Let C-B (X) be the Banach algebra of all continuous bounded C-valued functions on a completely regular Hausdorff space X equipped with the supremum norm. We provide representation theorems for arbitrary closed ideals of C-B (X). Indeed, for a closed ideal H of C-B (X) we associate a subspace sp (H) of the Stone-Cech compactification of X such that H and C-0 (sp (H)) are isometrically isomorphic. The space sp (H), which is locally compact, is uniquely determined by this property. As a consequence of our representation theorem we explicitly construct a dense subideal in H which is isometrically isomorphic with C-00(sp (H)).
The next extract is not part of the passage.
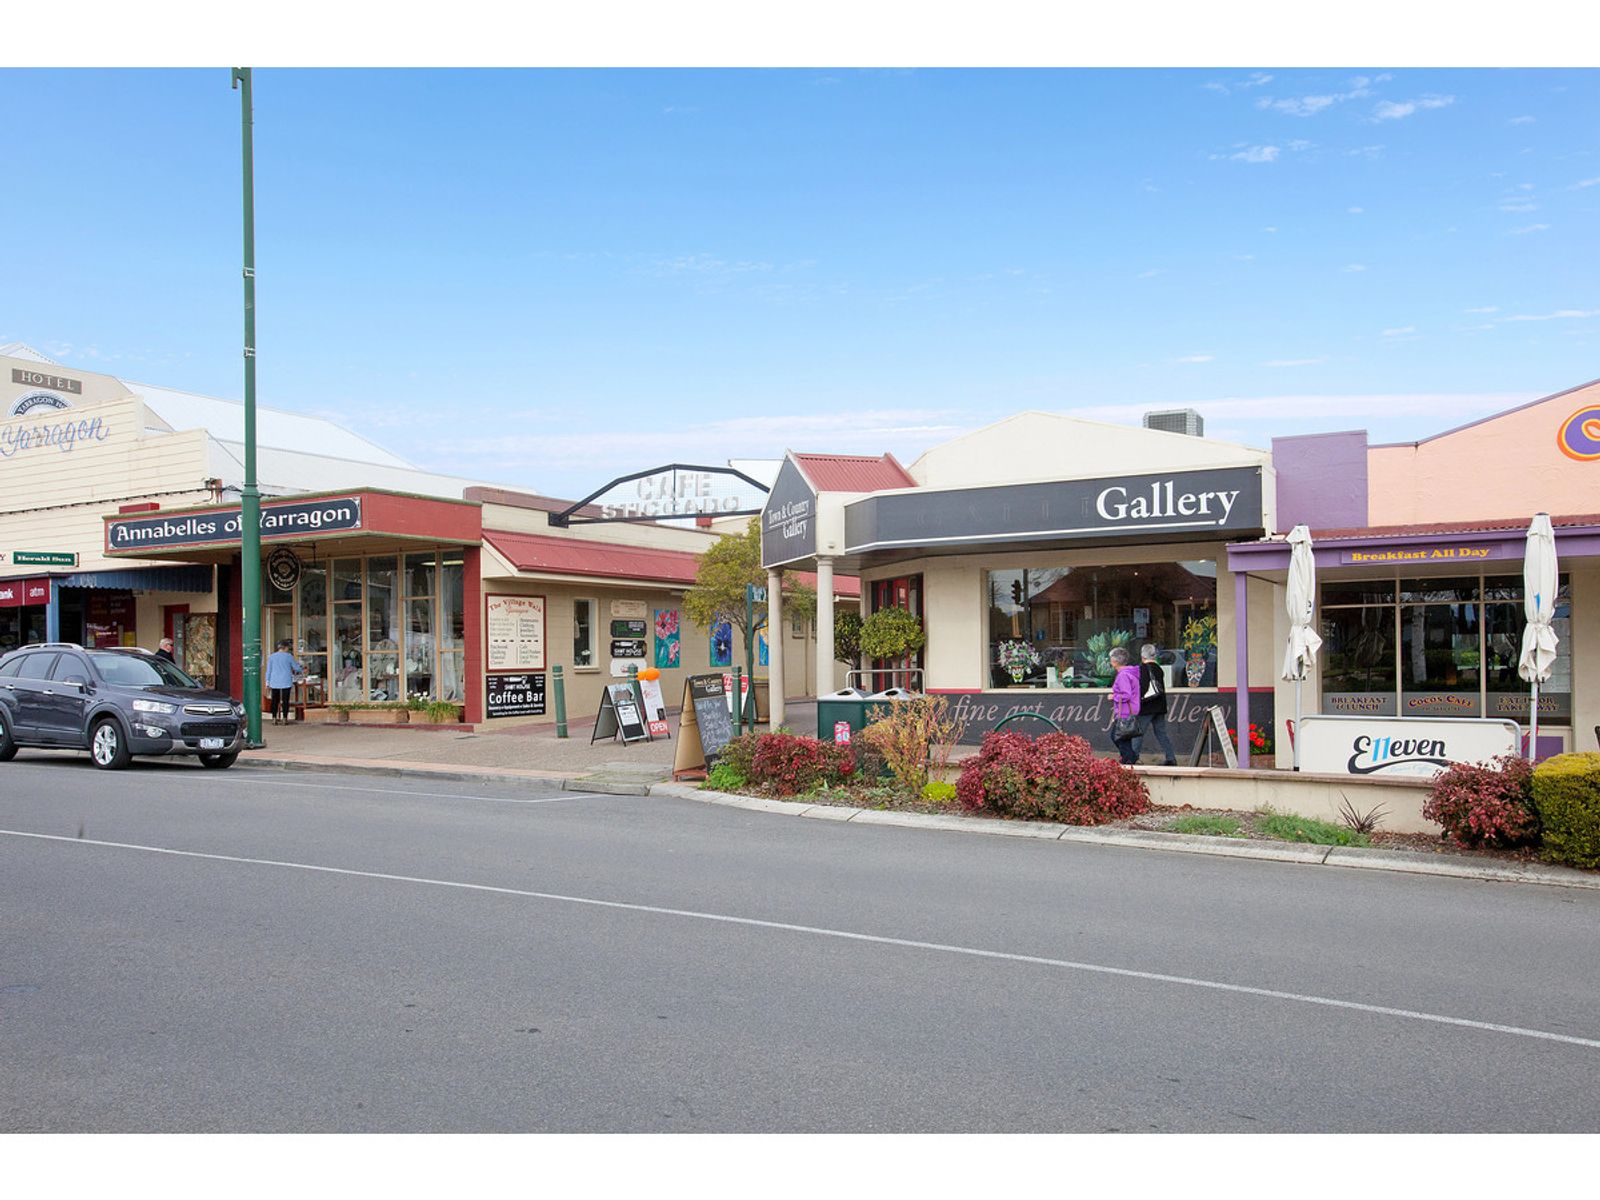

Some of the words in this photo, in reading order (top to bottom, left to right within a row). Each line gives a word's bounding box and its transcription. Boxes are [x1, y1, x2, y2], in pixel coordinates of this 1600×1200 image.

We further associate an open subset U of X and a (set theoretic) ideal J in X to H such that H is isometrically isomorphic with C-0(J)(U). We prove that there is the smallest ideal J(H) in X such that H = C-0(JH) (X). From this we derive several properties of closed ideals of C-B(X). For example we show that the set of all closed ideals of a commutative C*-algebra (with or without unit) forms a distributive lattice. As an another example we show that for every completely regular Hausdorff space X and every ideal J in X, the completion of the normed ideal C-00(J) (X) of C-B (X) is the space C-0(J) (X).